Старый колодец. Книга воспоминаний - Борис Бернштейн
Шрифт:
Интервал:
Закладка:
Я не знаю, сколько тут было от сознательного приказа самому себе, а сколько — от природы. Знаю только, что ему было присуще обостренное чувство уходящего времени и нежелание, неспособность отпускать его пустым. Менее всего это походило на ученую мономанию, и никогда я, да и никто, не видел его суетящимся. Интенсивность проживания означала для него полноту и многообразие. Возможно, поэтому, в частности, он смело бросался испытать неиспытанное, желая преломить сопротивление материала: написать книгу о самом темном из искусств, музыке, попробовать себя в художественной критике, предстать историком культуры в одной книге или представить особый срез истории искусства — в другой.
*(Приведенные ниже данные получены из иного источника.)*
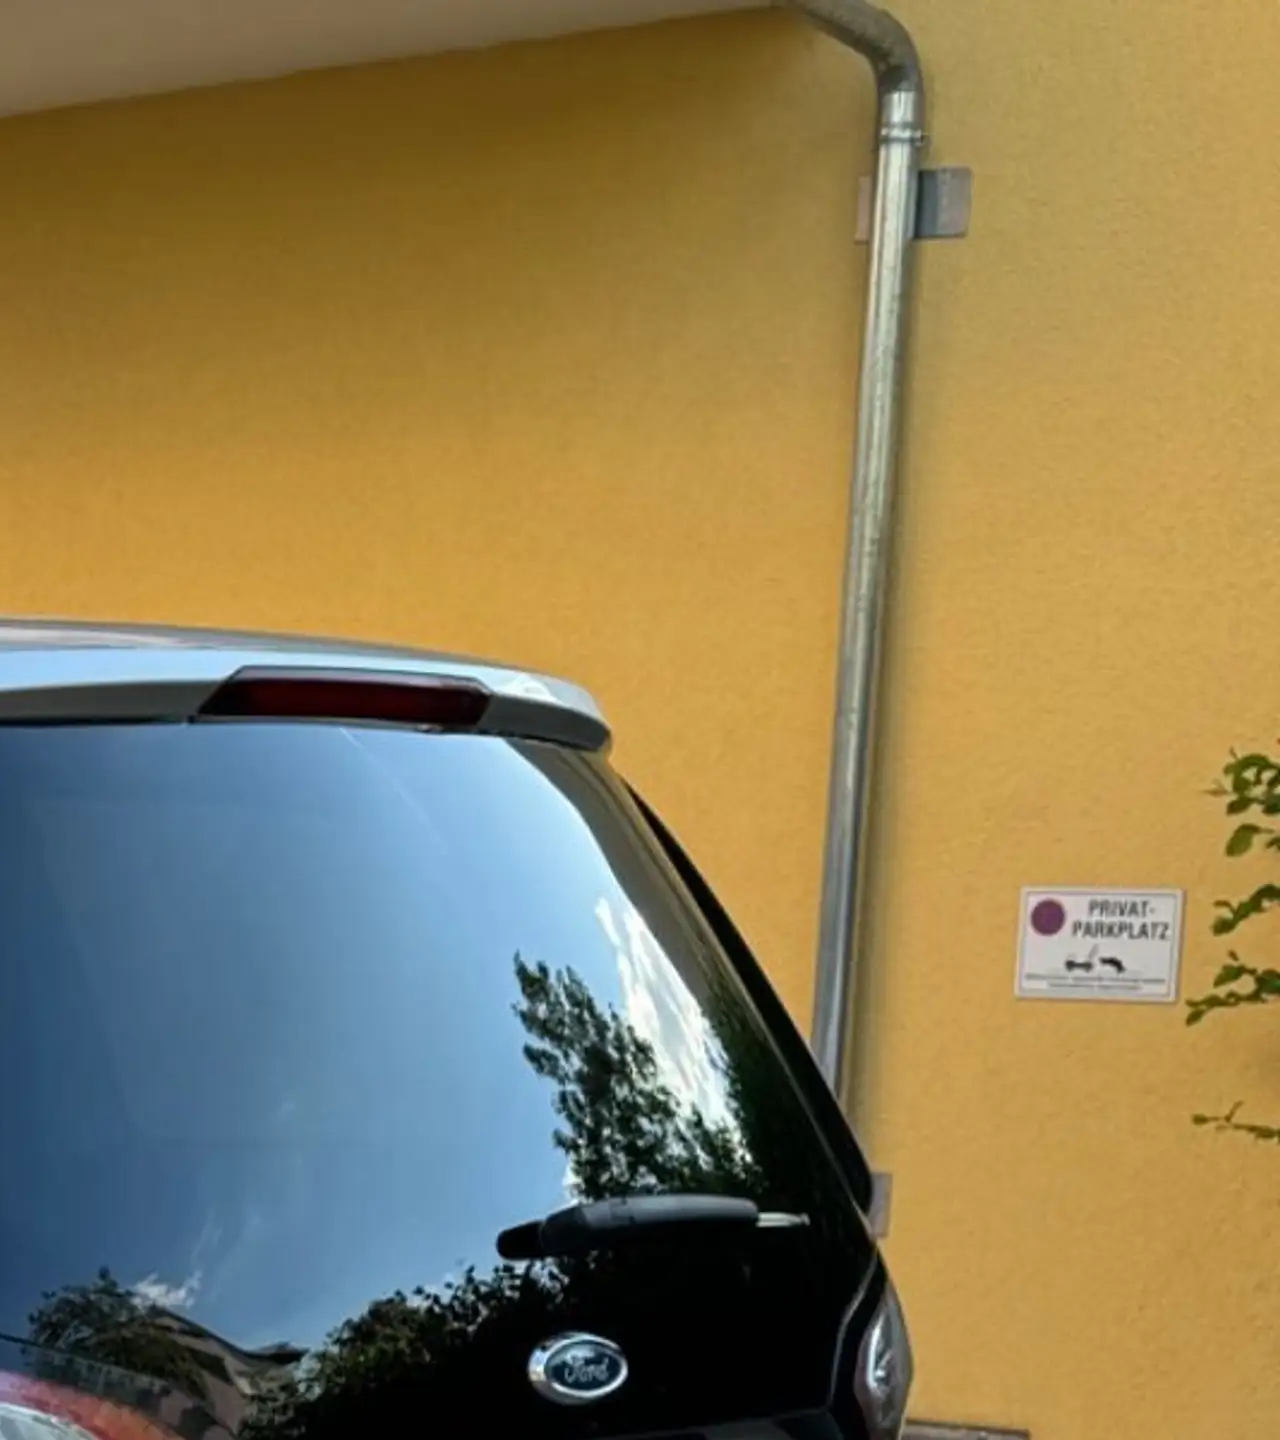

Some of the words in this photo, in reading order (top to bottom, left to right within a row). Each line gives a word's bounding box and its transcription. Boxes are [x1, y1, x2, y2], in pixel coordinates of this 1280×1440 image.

Лекции — десятки разных лекционных курсов, несчетное множество отдельных лекций, многие десятки (а может быть — за сотню?) аспирантов, конференции и симпозиумы, на которых он всегда умел быть солистом и предложить новую идею, отзывы, рецензии на диссертации, оппонирование, полемика — и это все как бы орнаментика, маргиналии, поскольку главное — книги и статьи, многие сотни серьезных изданий и публикаций, а к тому же еще — организация, подготовка, редактирование коллективных трудов…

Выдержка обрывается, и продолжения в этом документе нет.